— PROBLEM TO SOLVE —
Although the entries contain pictures, write out only their text, exactly as it stands.

***** INFORMATION SHOWN *****

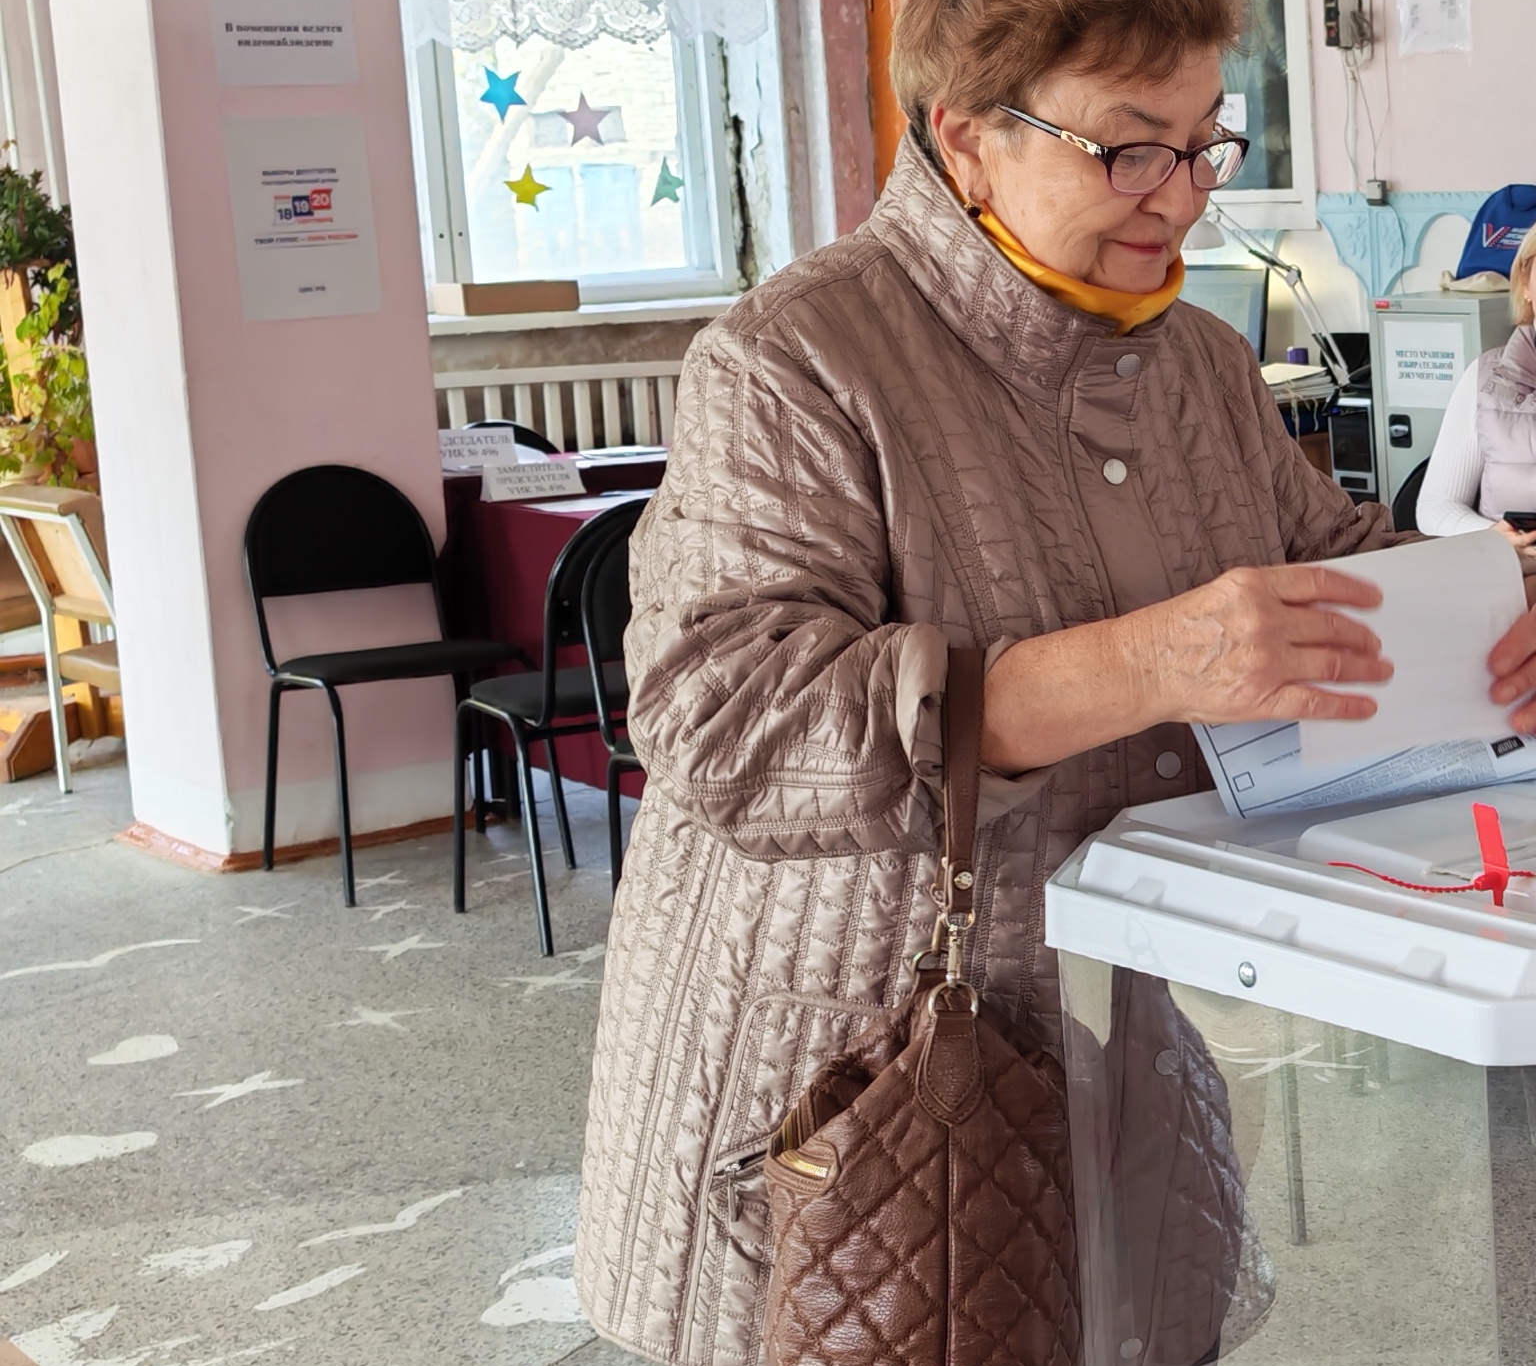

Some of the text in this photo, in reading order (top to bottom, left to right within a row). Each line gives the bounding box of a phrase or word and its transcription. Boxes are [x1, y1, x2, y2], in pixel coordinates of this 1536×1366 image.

[225, 23, 233, 33] В
[311, 193, 329, 206] 20
[294, 200, 309, 213] 19
[277, 208, 293, 220] 18
[1395, 350, 1455, 359] МЕСТО ХРАНЕНИЯ
[440, 434, 512, 447] ДСЕДАТЕЛЬ
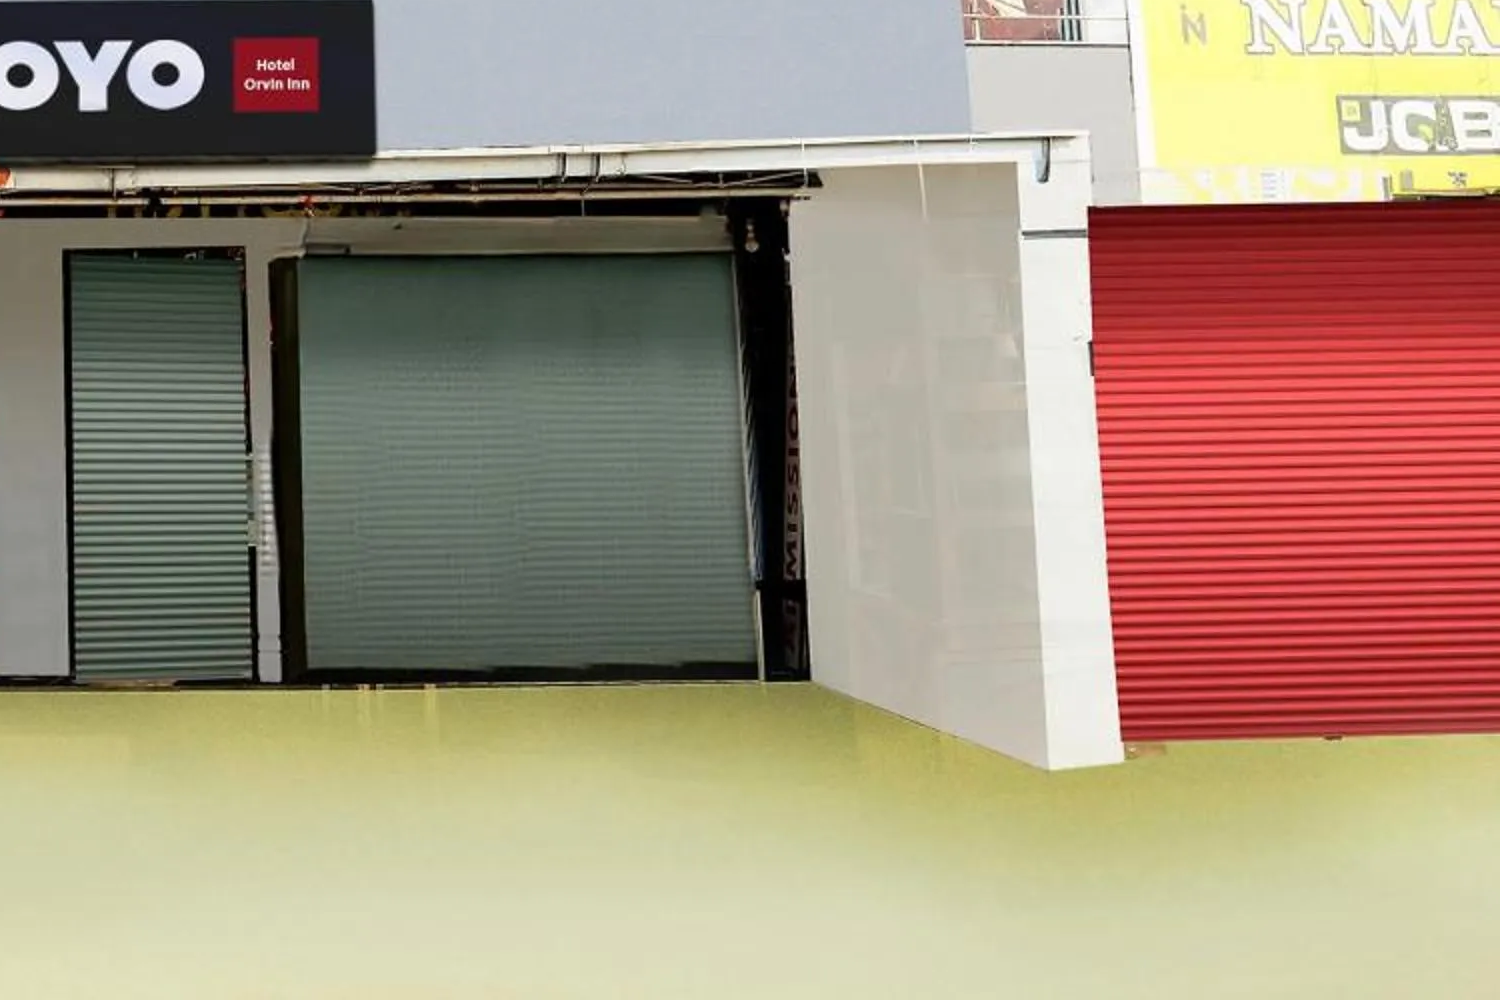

*****

— OUTPUT —
Some of the text in this photo, in reading order (top to bottom, left to right within a row). Each line gives the bounding box of a phrase or word and its transcription. Boxes are [x1, y1, x2, y2], in pixel coordinates of this 1536×1366 image.

[225, 23, 233, 33] В
[311, 193, 329, 206] 20
[294, 200, 309, 213] 19
[277, 208, 293, 220] 18
[1395, 350, 1455, 359] МЕСТО ХРАНЕНИЯ
[440, 434, 512, 447] ДСЕДАТЕЛЬ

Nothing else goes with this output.